Nel viaggio immaginario ed emozionale all’interno della civiltà contadina, nel quale lo stesso vostro blogger “scribacchiante” è, ad un tempo, guida e viaggiatore incantato, un aspetto ancora non considerato è quello della pudicizia. Un valore questo, una categoria che oggi, nel linguaggio giornalistico va sotto il nome di “pruderie”; secondo una definizione tratta dal web “Il termine starebbe a indicare moralismo di stampo puritano, perbenismo un po’ bigotto, castigatezza oltre misura, esagerato pudore, insomma”. Proprio su questo aspetto della “pudicizia rurale” vorrei soffermarmi: quella dei nostri nonni è stata vera morigeratezza, oppure si tratta solo di una questione di facciata? O meglio: il pudore, la pudicizia sono sentimenti più autentici oggi, al livello di minimo storico, o ieri? Come al solito gli aspetti da considerare sono molteplici e l’analisi rischia di divenire pesante e poco digeribile, mi limiterò, quindi, come al solito, solo a ripercorrere con la memoria ciò che ricordo.

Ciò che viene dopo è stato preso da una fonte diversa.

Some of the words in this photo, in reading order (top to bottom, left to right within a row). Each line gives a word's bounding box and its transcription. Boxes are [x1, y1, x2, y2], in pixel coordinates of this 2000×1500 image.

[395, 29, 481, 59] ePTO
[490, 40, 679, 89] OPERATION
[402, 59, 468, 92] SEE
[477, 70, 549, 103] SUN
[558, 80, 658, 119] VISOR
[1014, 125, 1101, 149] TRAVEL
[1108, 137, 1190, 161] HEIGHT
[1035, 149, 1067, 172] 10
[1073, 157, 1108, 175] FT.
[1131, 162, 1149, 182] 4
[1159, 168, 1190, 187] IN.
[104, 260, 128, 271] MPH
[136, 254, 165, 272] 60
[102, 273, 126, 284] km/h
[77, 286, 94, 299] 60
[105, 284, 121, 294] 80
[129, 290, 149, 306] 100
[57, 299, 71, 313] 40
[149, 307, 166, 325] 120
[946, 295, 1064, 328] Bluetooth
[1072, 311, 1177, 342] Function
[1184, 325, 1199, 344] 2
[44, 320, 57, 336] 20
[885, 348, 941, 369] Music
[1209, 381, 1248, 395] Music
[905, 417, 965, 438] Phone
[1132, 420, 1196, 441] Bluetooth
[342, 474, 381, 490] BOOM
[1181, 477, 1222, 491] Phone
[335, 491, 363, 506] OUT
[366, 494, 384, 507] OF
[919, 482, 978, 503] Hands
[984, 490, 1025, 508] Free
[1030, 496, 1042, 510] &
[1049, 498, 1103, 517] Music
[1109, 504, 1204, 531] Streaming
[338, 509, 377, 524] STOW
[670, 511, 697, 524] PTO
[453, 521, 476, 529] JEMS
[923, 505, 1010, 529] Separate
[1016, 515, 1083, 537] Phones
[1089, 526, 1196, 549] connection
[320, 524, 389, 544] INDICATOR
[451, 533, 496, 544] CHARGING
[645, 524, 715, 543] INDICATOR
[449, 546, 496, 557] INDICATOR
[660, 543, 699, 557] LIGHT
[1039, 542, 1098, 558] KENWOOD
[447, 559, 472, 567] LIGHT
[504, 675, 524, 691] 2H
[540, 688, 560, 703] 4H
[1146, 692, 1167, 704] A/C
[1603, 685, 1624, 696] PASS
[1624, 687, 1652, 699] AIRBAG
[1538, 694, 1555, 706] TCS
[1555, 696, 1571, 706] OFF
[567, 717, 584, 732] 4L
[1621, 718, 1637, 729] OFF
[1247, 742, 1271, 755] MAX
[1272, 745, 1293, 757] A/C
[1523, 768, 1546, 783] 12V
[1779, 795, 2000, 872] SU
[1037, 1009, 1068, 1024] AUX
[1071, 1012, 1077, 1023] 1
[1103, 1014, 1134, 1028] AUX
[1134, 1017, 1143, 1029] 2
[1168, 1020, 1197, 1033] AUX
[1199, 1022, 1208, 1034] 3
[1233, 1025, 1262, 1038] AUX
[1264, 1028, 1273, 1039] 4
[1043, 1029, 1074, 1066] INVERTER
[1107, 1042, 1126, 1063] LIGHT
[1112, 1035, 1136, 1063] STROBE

Il pudore traspariva da ogni atto di quella tramontata civiltà, ed a volte ripensarci fa sorridere. La cosa veniva poi portata agli estremi quando un dialogo si stabiliva fra individui appartenenti a diverse classi e categorie, nettamente separate secondo la rigida stratificazione sociale del tempo. In tali contesti, quando proprio non si poteva fare a meno di citare nel discorso parti anatomiche, atti o anche animali considerati “impuri”, si cercava di minimizzare la cosa con la scusante “parlenn’ cu rispettu”, ed allora: “parlenn cu rispettu, i pieri”, “parlenn cu rispettu, stevu a ffà i fatti miei (facevo i miei bisogni, ndr)”, “parlenn cu rispettu, ju puorcu”. Era questo un modo come un altro di cercare di non offendere l’interlocutore altolocato; ma … pensateci: come se tale signore, altolocato o meno che sia stato, non avesse i piedi anch’esso, non faceva mai i propri bisogni e non avesse mai visto un maiale o mangiato le saporite carni, ecc.

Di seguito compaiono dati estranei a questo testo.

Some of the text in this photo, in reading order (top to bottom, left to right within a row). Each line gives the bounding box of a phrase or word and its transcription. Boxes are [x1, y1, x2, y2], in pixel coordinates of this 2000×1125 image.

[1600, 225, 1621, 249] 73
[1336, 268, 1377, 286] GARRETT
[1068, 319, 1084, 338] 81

Che dire poi di tutte le faccende attinenti al sesso? In tal caso il pudore nel discorso assumeva i tratti dell’omertà! Come in tutti i discorsi che coinvolgevano l’apparato genitale femminile, le sue cicliche indisposizioni e le sue (purtroppo) frequenti malattie. La donna, nei giorni del mestruo, era considerata impura e quindi inadatta a molte faccende domestiche, come la lavorazione delle carni di maiale, quella delle bottiglie di pomodoro ecc. … ma la cosa andava trattata con la dovuta discrezione: ed allora mentre già si era iniziato a lavorare tutte insieme essa, “rea” di una fisiologica ricorrenza mensile, si avvicinava in silenzio e un quasi po’ contrita alla più anziana del gruppo, la matriarca, e le sussurrava qualcosa nell’orecchio e costei , con l’autorità derivante dal ruolo, le diceva comprensiva e severa “… e vvà, vvà”, dispensandola da ogni incombenza, le altre fingevano di non aver udito e non chiedevano alcuna spiegazione in merito all’assenza.

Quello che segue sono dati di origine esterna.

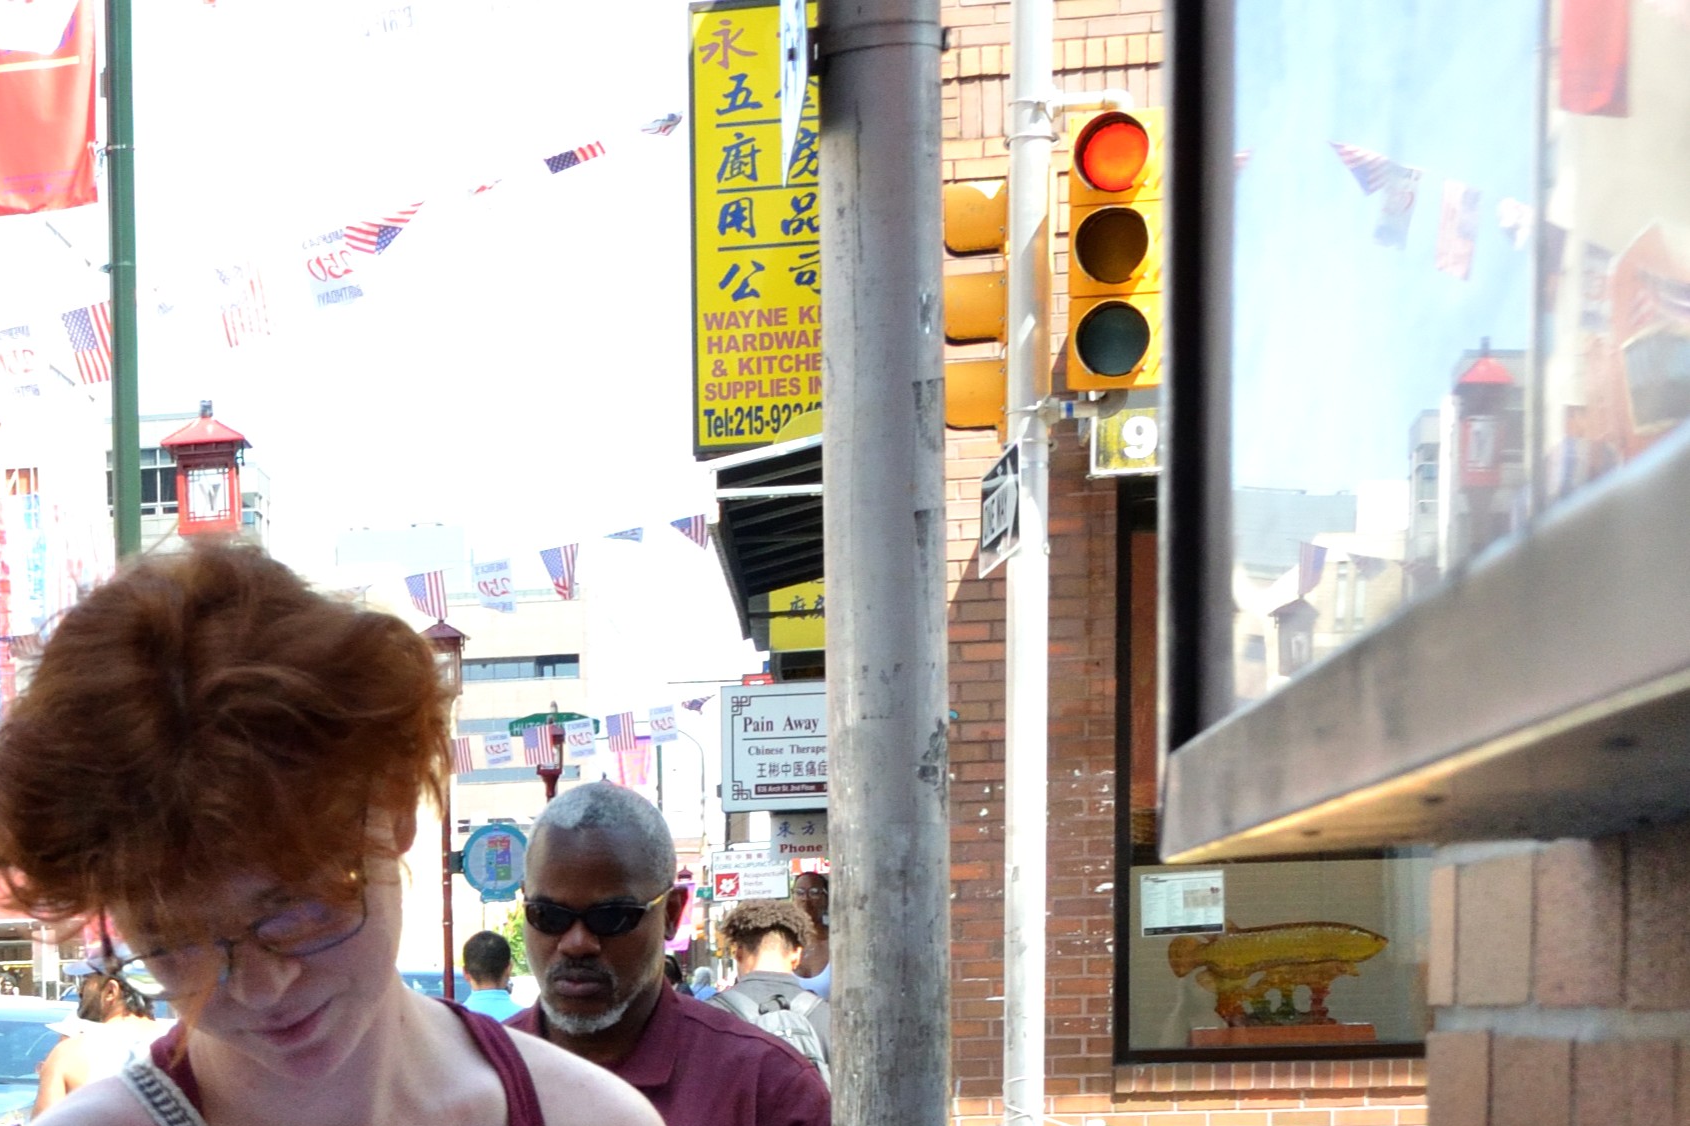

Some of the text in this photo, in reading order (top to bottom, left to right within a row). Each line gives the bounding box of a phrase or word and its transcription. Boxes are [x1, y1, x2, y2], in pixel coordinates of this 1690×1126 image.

Quando poi la sfortuna si accaniva su qualcuna, con una malattia all’utero, alle ovaie o al seno, guai a parlarne con chiarezza ed apertura! “Se tratta r’ cos’ re femm’n”, si rispondeva severi a chi, imprudente o inconsapevole, chiedesse la causa di qualche malessere di una sorella, di una cognata o di un’amica di famiglia. Ed allora si capiva che non si poteva e non si doveva andare oltre.